[Data entries]
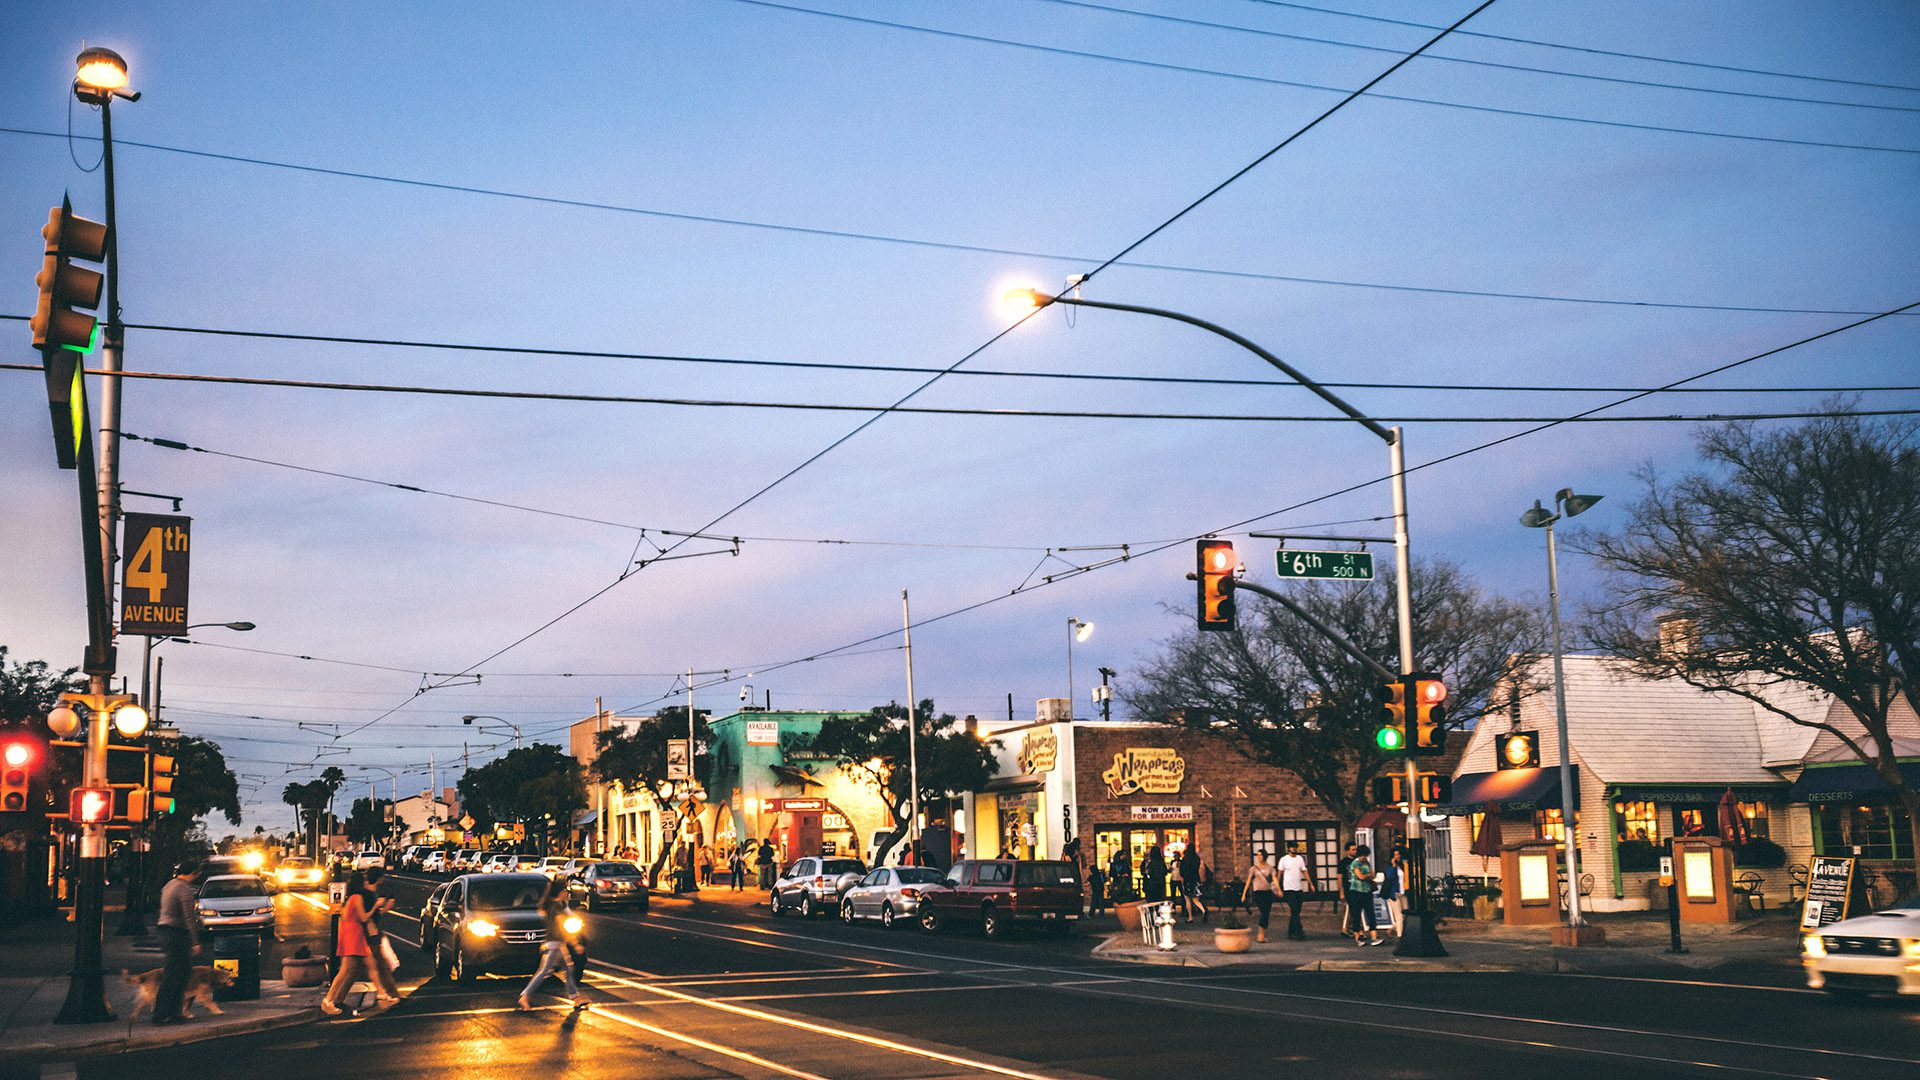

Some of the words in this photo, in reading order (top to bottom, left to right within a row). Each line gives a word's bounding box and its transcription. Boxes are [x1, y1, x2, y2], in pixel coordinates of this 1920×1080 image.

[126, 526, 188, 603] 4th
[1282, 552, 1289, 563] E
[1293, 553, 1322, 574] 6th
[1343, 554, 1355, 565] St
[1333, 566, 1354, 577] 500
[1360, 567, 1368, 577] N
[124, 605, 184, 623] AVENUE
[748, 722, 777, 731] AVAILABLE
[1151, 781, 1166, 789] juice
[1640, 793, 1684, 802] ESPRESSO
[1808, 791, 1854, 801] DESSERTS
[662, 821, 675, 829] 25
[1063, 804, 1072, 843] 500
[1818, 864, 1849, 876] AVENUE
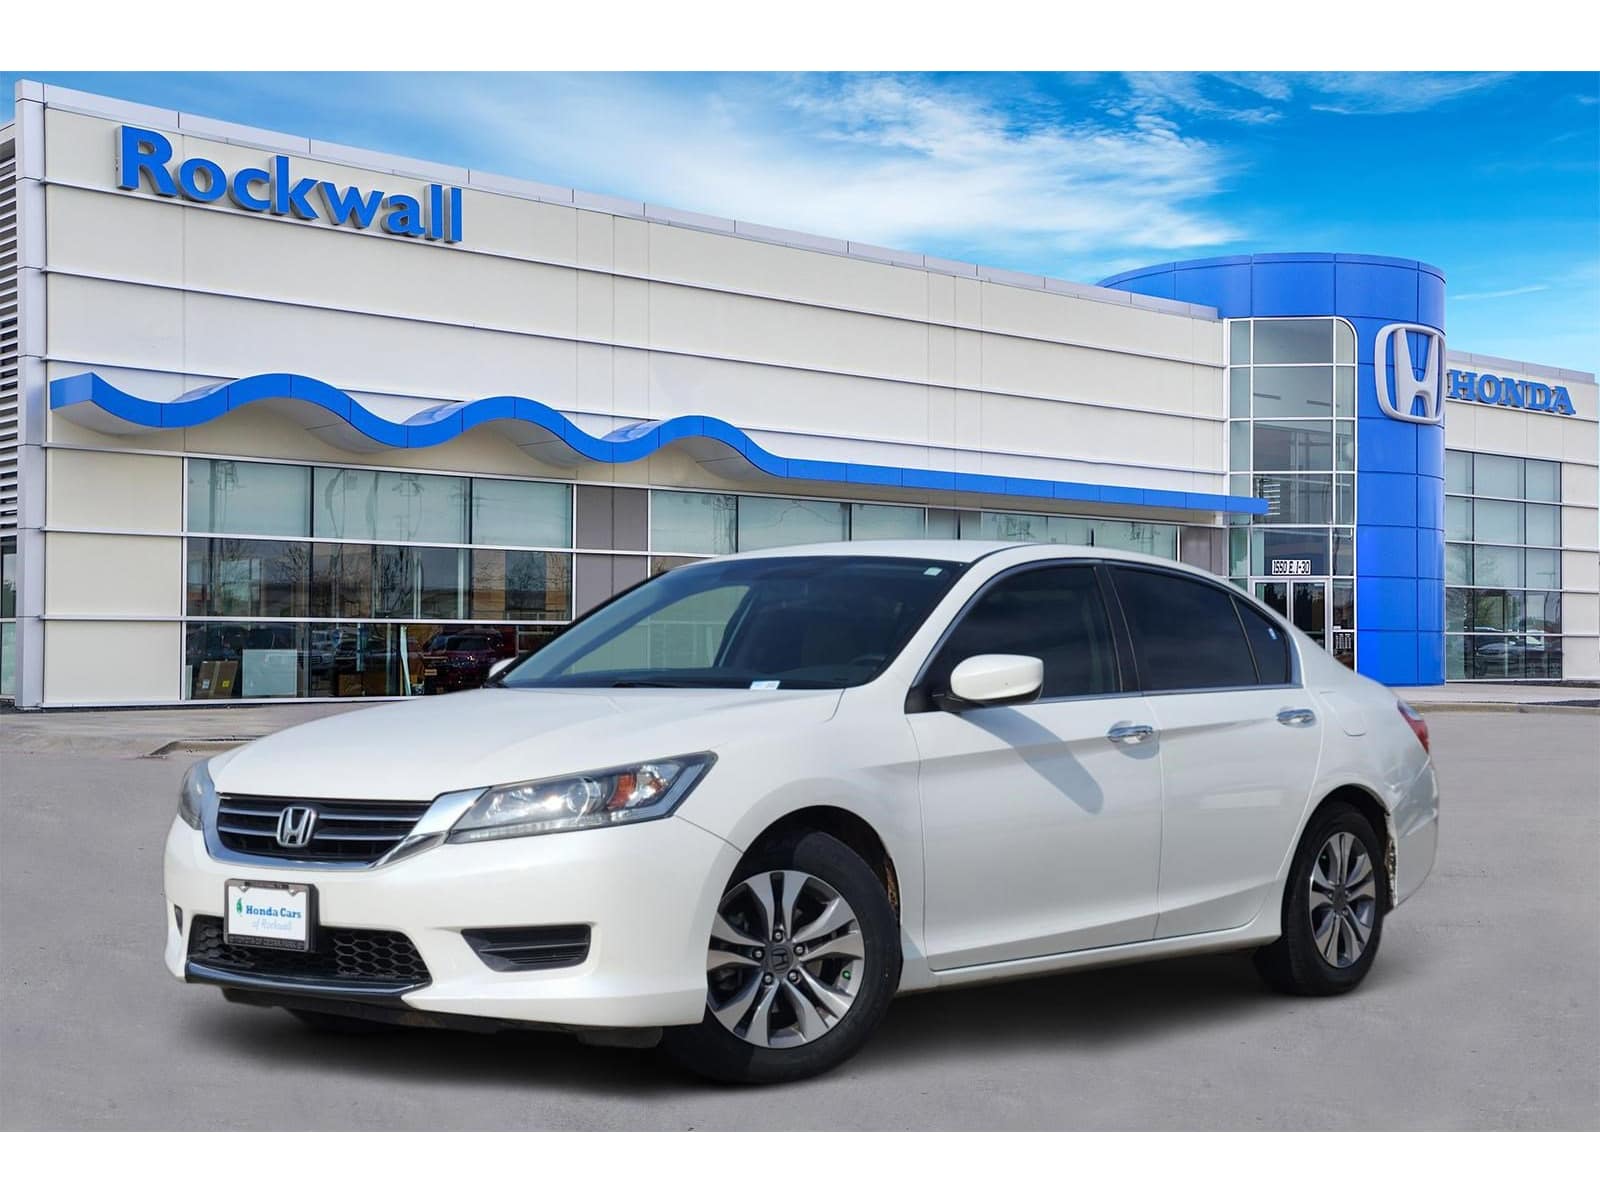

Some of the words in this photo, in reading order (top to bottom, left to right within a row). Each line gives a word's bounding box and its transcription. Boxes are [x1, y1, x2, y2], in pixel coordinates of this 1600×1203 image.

TASK BRIEF: Would you please repeat the entries above verbatim, excluding each picture?

RESPONSE FOR THIS EXERCISE:
Some of the words in this photo, in reading order (top to bottom, left to right within a row). Each line gives a word's bounding box and its transcription. Boxes are [x1, y1, x2, y2], in pixel coordinates of this 1920×1080 image.

[126, 526, 188, 603] 4th
[1282, 552, 1289, 563] E
[1293, 553, 1322, 574] 6th
[1343, 554, 1355, 565] St
[1333, 566, 1354, 577] 500
[1360, 567, 1368, 577] N
[124, 605, 184, 623] AVENUE
[748, 722, 777, 731] AVAILABLE
[1151, 781, 1166, 789] juice
[1640, 793, 1684, 802] ESPRESSO
[1808, 791, 1854, 801] DESSERTS
[662, 821, 675, 829] 25
[1063, 804, 1072, 843] 500
[1818, 864, 1849, 876] AVENUE

Some of the words in this photo, in reading order (top to bottom, left to right within a row). Each line gives a word's bounding box and its transcription. Boxes are [x1, y1, x2, y2], in pixel coordinates of this 1600×1203 image.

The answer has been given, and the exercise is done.